## Activity
The entries below need to be transcribed verbatim.

[Items from a dataset]
-*-*-
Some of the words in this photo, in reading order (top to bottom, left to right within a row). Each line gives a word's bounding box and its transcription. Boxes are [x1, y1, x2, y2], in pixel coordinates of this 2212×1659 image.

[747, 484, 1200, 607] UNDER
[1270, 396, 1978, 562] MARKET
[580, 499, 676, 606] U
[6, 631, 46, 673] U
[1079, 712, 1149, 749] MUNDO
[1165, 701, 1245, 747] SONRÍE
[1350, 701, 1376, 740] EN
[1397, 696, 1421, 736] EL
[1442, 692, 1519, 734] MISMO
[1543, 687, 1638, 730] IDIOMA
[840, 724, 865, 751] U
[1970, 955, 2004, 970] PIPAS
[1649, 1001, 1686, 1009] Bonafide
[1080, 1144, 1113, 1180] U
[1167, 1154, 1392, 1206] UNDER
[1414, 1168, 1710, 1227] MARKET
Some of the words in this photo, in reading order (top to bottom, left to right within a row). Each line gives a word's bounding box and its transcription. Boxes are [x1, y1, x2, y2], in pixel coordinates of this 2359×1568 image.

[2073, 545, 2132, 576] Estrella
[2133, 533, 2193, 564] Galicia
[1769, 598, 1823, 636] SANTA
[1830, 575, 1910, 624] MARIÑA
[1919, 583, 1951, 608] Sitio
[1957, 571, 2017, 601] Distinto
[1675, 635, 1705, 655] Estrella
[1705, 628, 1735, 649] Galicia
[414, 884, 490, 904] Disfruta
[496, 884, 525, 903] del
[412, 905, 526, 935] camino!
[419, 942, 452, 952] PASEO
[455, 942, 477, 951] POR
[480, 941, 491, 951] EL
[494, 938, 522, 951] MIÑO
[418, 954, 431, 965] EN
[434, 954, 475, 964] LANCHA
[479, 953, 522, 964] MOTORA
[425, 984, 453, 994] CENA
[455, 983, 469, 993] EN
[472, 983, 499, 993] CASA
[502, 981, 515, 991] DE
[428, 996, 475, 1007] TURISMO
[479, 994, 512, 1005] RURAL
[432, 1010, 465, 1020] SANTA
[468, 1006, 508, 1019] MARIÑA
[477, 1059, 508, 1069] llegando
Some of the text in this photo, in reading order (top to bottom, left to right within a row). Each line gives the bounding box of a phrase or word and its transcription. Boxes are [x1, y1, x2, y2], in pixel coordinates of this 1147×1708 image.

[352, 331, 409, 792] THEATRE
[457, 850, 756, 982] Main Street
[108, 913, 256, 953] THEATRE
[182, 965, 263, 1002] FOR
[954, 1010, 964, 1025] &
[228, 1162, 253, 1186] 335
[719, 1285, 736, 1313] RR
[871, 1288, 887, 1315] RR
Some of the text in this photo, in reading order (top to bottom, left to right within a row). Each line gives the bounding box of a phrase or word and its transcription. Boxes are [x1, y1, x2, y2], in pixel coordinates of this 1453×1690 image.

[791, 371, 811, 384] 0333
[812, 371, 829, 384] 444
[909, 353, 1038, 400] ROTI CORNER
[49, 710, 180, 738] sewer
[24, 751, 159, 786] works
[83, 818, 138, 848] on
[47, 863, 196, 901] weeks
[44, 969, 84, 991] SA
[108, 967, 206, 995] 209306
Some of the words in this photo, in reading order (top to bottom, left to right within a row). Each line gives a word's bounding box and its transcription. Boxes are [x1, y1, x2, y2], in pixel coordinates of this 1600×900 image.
-*-*-
## Answer for this exercise
Some of the words in this photo, in reading order (top to bottom, left to right within a row). Each line gives a word's bounding box and its transcription. Boxes are [x1, y1, x2, y2], in pixel coordinates of this 2212×1659 image.

[747, 484, 1200, 607] UNDER
[1270, 396, 1978, 562] MARKET
[580, 499, 676, 606] U
[6, 631, 46, 673] U
[1079, 712, 1149, 749] MUNDO
[1165, 701, 1245, 747] SONRÍE
[1350, 701, 1376, 740] EN
[1397, 696, 1421, 736] EL
[1442, 692, 1519, 734] MISMO
[1543, 687, 1638, 730] IDIOMA
[840, 724, 865, 751] U
[1970, 955, 2004, 970] PIPAS
[1649, 1001, 1686, 1009] Bonafide
[1080, 1144, 1113, 1180] U
[1167, 1154, 1392, 1206] UNDER
[1414, 1168, 1710, 1227] MARKET
Some of the words in this photo, in reading order (top to bottom, left to right within a row). Each line gives a word's bounding box and its transcription. Boxes are [x1, y1, x2, y2], in pixel coordinates of this 2359×1568 image.

[2073, 545, 2132, 576] Estrella
[2133, 533, 2193, 564] Galicia
[1769, 598, 1823, 636] SANTA
[1830, 575, 1910, 624] MARIÑA
[1919, 583, 1951, 608] Sitio
[1957, 571, 2017, 601] Distinto
[1675, 635, 1705, 655] Estrella
[1705, 628, 1735, 649] Galicia
[414, 884, 490, 904] Disfruta
[496, 884, 525, 903] del
[412, 905, 526, 935] camino!
[419, 942, 452, 952] PASEO
[455, 942, 477, 951] POR
[480, 941, 491, 951] EL
[494, 938, 522, 951] MIÑO
[418, 954, 431, 965] EN
[434, 954, 475, 964] LANCHA
[479, 953, 522, 964] MOTORA
[425, 984, 453, 994] CENA
[455, 983, 469, 993] EN
[472, 983, 499, 993] CASA
[502, 981, 515, 991] DE
[428, 996, 475, 1007] TURISMO
[479, 994, 512, 1005] RURAL
[432, 1010, 465, 1020] SANTA
[468, 1006, 508, 1019] MARIÑA
[477, 1059, 508, 1069] llegando
Some of the text in this photo, in reading order (top to bottom, left to right within a row). Each line gives the bounding box of a phrase or word and its transcription. Boxes are [x1, y1, x2, y2], in pixel coordinates of this 1147×1708 image.

[352, 331, 409, 792] THEATRE
[457, 850, 756, 982] Main Street
[108, 913, 256, 953] THEATRE
[182, 965, 263, 1002] FOR
[954, 1010, 964, 1025] &
[228, 1162, 253, 1186] 335
[719, 1285, 736, 1313] RR
[871, 1288, 887, 1315] RR
Some of the text in this photo, in reading order (top to bottom, left to right within a row). Each line gives the bounding box of a phrase or word and its transcription. Boxes are [x1, y1, x2, y2], in pixel coordinates of this 1453×1690 image.

[791, 371, 811, 384] 0333
[812, 371, 829, 384] 444
[909, 353, 1038, 400] ROTI CORNER
[49, 710, 180, 738] sewer
[24, 751, 159, 786] works
[83, 818, 138, 848] on
[47, 863, 196, 901] weeks
[44, 969, 84, 991] SA
[108, 967, 206, 995] 209306
Some of the words in this photo, in reading order (top to bottom, left to right within a row). Each line gives a word's bounding box and its transcription. Boxes are [x1, y1, x2, y2], in pixel coordinates of this 1600×900 image.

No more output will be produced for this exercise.